(Beginning of TASK INPUT)

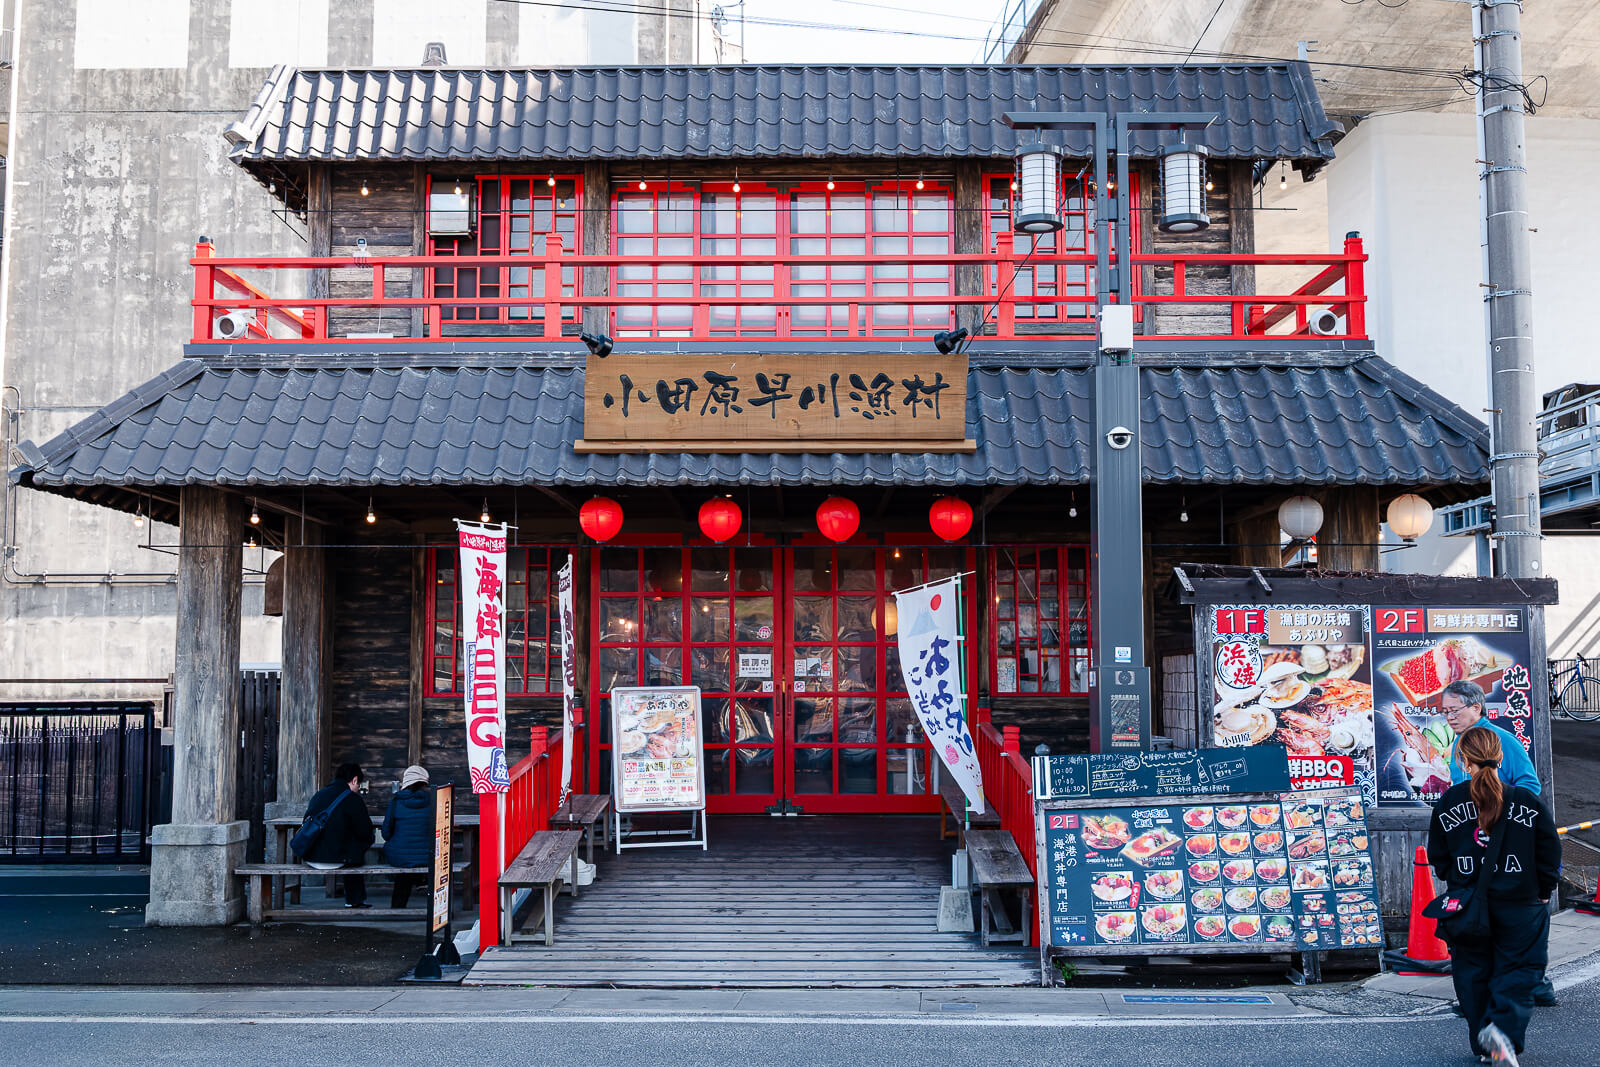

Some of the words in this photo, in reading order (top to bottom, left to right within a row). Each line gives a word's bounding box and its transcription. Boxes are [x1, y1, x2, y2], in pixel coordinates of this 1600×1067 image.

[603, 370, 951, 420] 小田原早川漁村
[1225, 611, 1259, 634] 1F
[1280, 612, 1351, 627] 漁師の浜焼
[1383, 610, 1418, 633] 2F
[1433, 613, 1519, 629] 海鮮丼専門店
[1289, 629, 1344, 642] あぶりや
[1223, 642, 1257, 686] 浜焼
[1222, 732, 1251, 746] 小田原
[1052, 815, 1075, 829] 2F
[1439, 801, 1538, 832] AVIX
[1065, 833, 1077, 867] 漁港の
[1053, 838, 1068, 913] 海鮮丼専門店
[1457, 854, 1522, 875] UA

(End of TASK INPUT)

◆ ACTIVITY: Drop the pictures and reproduce the rest of the data above exactly.

◆ OUTPUT OF THE TASK:
Some of the words in this photo, in reading order (top to bottom, left to right within a row). Each line gives a word's bounding box and its transcription. Boxes are [x1, y1, x2, y2], in pixel coordinates of this 1600×1067 image.

[603, 370, 951, 420] 小田原早川漁村
[1225, 611, 1259, 634] 1F
[1280, 612, 1351, 627] 漁師の浜焼
[1383, 610, 1418, 633] 2F
[1433, 613, 1519, 629] 海鮮丼専門店
[1289, 629, 1344, 642] あぶりや
[1223, 642, 1257, 686] 浜焼
[1222, 732, 1251, 746] 小田原
[1052, 815, 1075, 829] 2F
[1439, 801, 1538, 832] AVIX
[1065, 833, 1077, 867] 漁港の
[1053, 838, 1068, 913] 海鮮丼専門店
[1457, 854, 1522, 875] UA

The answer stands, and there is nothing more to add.